▶ **Required action**
Would you reproduce each line below exactly, leaving every picture out?

----

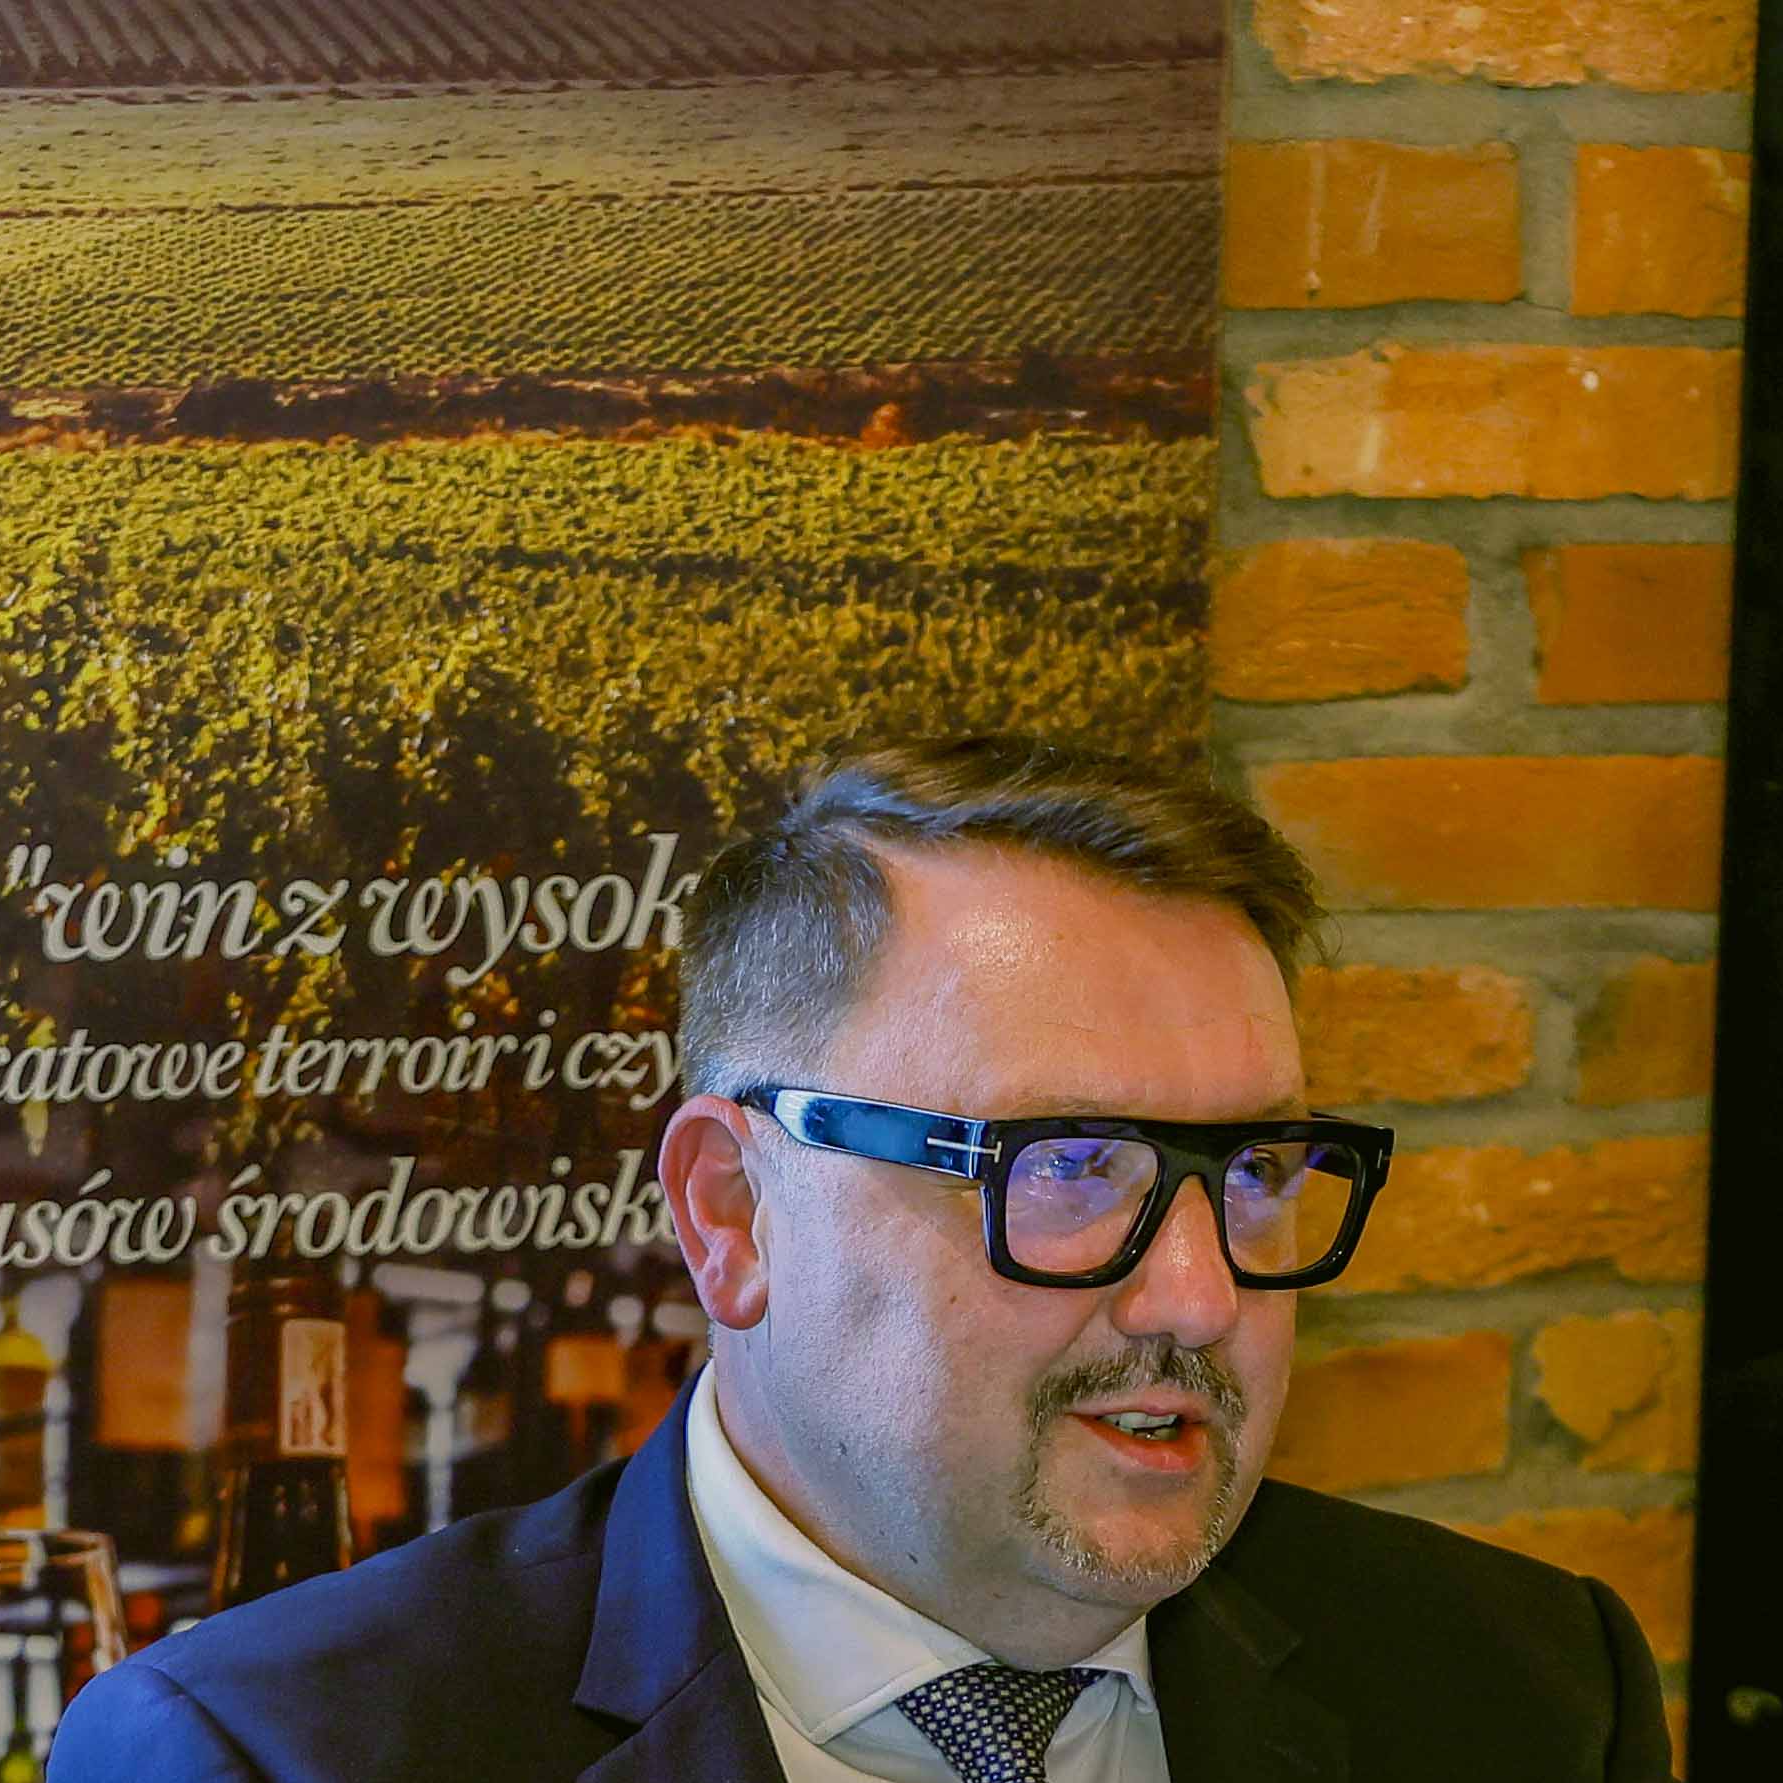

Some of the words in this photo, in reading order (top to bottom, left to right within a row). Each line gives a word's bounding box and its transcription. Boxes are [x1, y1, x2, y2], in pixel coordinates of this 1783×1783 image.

[2, 843, 264, 963] "win
[272, 878, 351, 957] z
[359, 832, 703, 988] wysok
[253, 1010, 518, 1098] terroir
[521, 1008, 557, 1091] i
[562, 1030, 683, 1111] czy

----

▶ **Task answer**
Some of the words in this photo, in reading order (top to bottom, left to right within a row). Each line gives a word's bounding box and its transcription. Boxes are [x1, y1, x2, y2], in pixel coordinates of this 1783×1783 image.

[2, 843, 264, 963] "win
[272, 878, 351, 957] z
[359, 832, 703, 988] wysok
[253, 1010, 518, 1098] terroir
[521, 1008, 557, 1091] i
[562, 1030, 683, 1111] czy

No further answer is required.